November 10, 2024
Column

Biological warfare presents real threat

The Gulf War, now a decade in the past, made Americans suddenly aware of the threat from biological weapons when reports surfaced that Iraq had targeted Israel with scud missiles carrying warheads loaded with anthrax. If true, the threat never materialized and many complacently believe that it vanished along with the destruction of Iraq’s weapons at the end of the war. Nothing could be further from the facts, but the true threat is more likely to come from small groups of terrorists than from a war between nations.

Michelle Williams, in an AP report from a conference on bioterrorism last year, writes, “A terrorist attack on the United States will happen within the next five to 10 years” and she quotes D.A. Henderson, director of the Johns Hopkins Center for Civilian Biodefense Studies, as saying, “We are a long way away from being even modestly prepared.” An article by Stanford University professor Steven Block in the January-February issue of American Scientist details the very real threat to the United States from terrorists armed with biological weapons.

Modern biological warfare had its start in World War II, as both sides of the conflict tested and used bioweapons. Block says that the Japanese killed thousands of Chinese in the course of testing anthrax, cholera and plague. The latter was released by means of plague-laden fleas being dropped by air onto civilian populations. The Russians infected German troops at Stalingrad with tularemia, a plaguelike disease that incapacitates rather than kills. Reminiscent of poison gas attacks in World War I, it quickly spread to both sides, resulting in over 100,000 cases of the disease.

The United States, Britain and Germany also developed bioweapons, but there is no evidence they were ever used. Secrecy surrounded bioweapons after WWII, and the world’s preoccupation with the Cold War and nuclear threat caused them to be ignored by most nations.

Biological weapons research continued at a furious pace in the Soviet Union after WWII, employing up to 32,000 people in 40 facilities. In 1979, an accidental release of anthrax occurred at one of these facilities when a worker accidentally left a filter off an output pipe. More than 100 people and large numbers of livestock downwind of the facility died of anthrax. Officials never admitted to the accident until 1992.

For 25 years after WWII, the United States quietly developed several bioweapons employing viruses and bacteria. In 1969, President Nixon declared a unilateral renunciation of such weapons and ordered them destroyed. This may have been the impetus for a 1972 treaty banning biological weapons research that ultimately was ratified by 143 nations. Unfortunately, many of the nations that ratified the treaty promptly broke it, including China, the Soviet Union, Iraq, Iran and North Korea.
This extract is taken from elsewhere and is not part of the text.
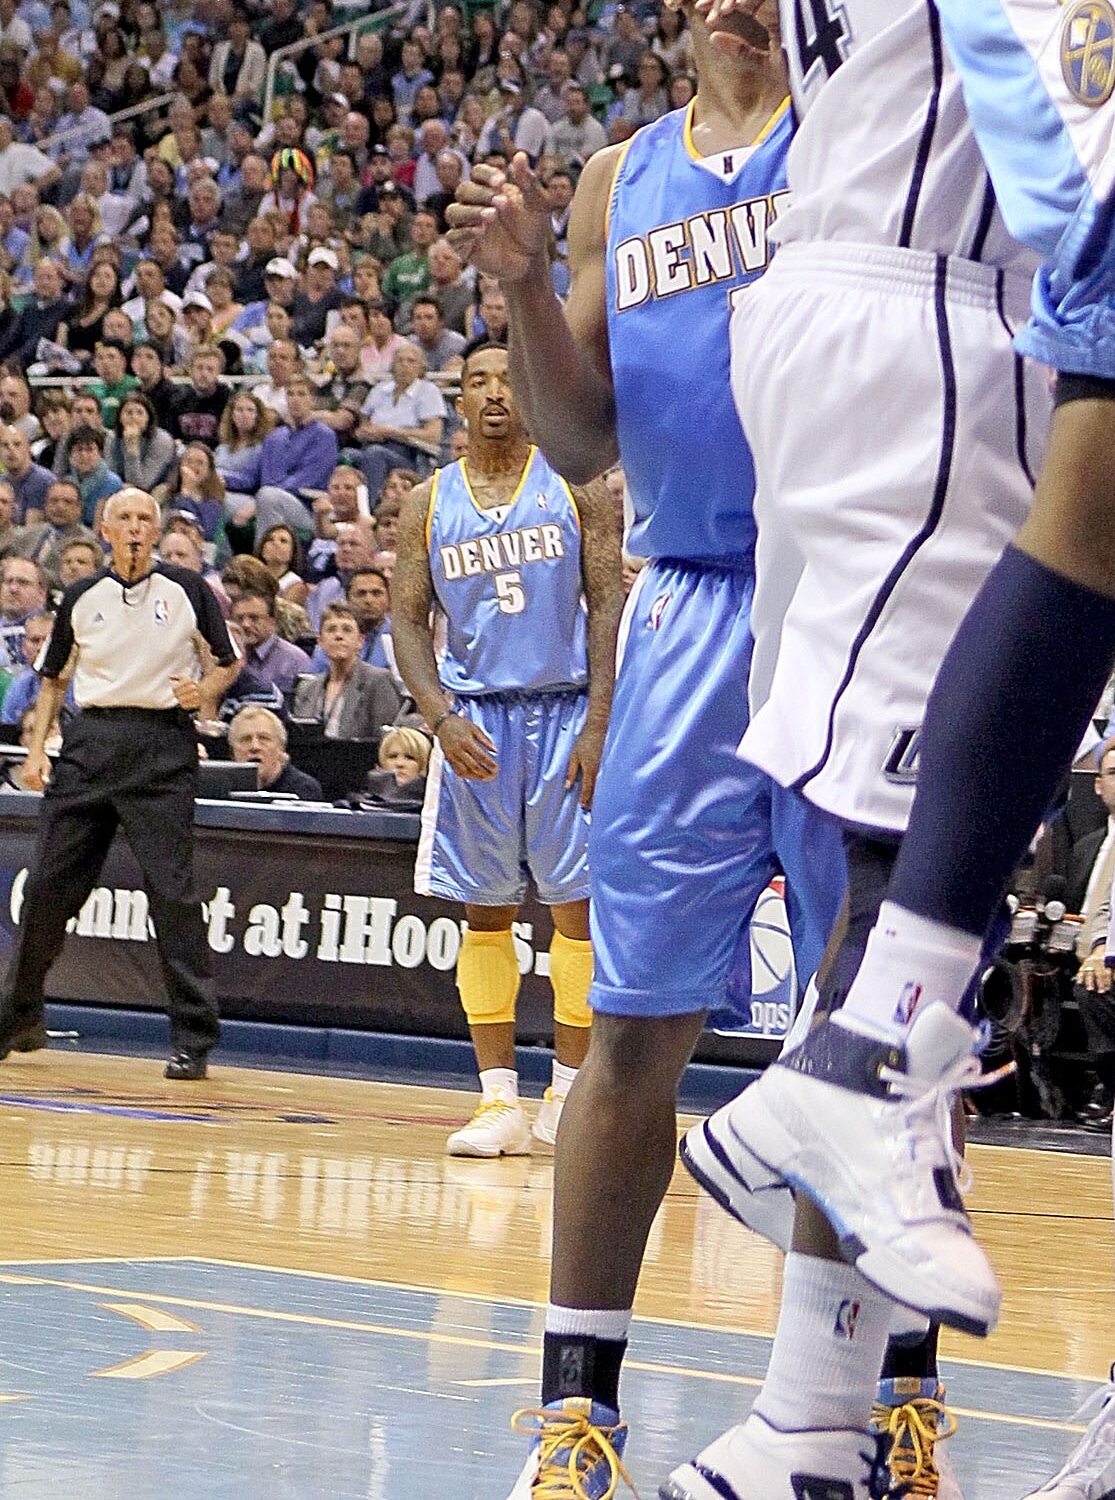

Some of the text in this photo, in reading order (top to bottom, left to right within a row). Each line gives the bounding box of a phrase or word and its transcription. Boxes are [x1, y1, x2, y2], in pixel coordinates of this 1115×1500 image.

[614, 189, 793, 314] DENV
[439, 523, 564, 581] DENVER
[494, 570, 527, 616] 5
[243, 891, 310, 959] at
Block calls bioweapons “the poor man’s atom bomb” and says the major threat to the United States comes from anthrax and smallpox. He says that the Japanese cult Aum Shinrikyo, infamous for killing 13 people with sarin gas in a Tokyo subway in 1995, also attempted to carry out biological attacks with botulinum toxin on Tokyo streets. The attempt failed because they had a fairly benign strain of the bacteria and their misting device did not operate properly.

But, if anthrax or smallpox had been used, enough casualties would have resulted to spread fear and disruption, which is the main goal of most terrorists. With the collapse of the Soviet Union, there are large stockpiles of smallpox virus under marginal security and hundreds of jobless technicians who could sell their expertise to the highest bidder.

A new threat has recently emerged in the form of so-called binary bioweapons. The DNA plasmid is separated from a deadly pathogenic bacterium, rendering both portions harmless. A gene is introduced into the plasmid, making it antibiotic-resistant, and the bacterium and its altered plasmid are safely grown separately. They are then placed into separate chambers of a delivery device which, when activated, mix the two portions together in a growth medium. The two portions recombine and the pathogen, with its new built-in resistance to drugs, is released. This sounds complicated but could be carried out by a competent microbiologist.

What are we doing to combat these new threats? Almost nothing. A recent newspaper account of a bioemergency response drill said only one official showed up to take responsibility for all response activities in a large city.

Clair Wood taught chemistry and physics for more than 10 years at Eastern Maine Technical College in Bangor.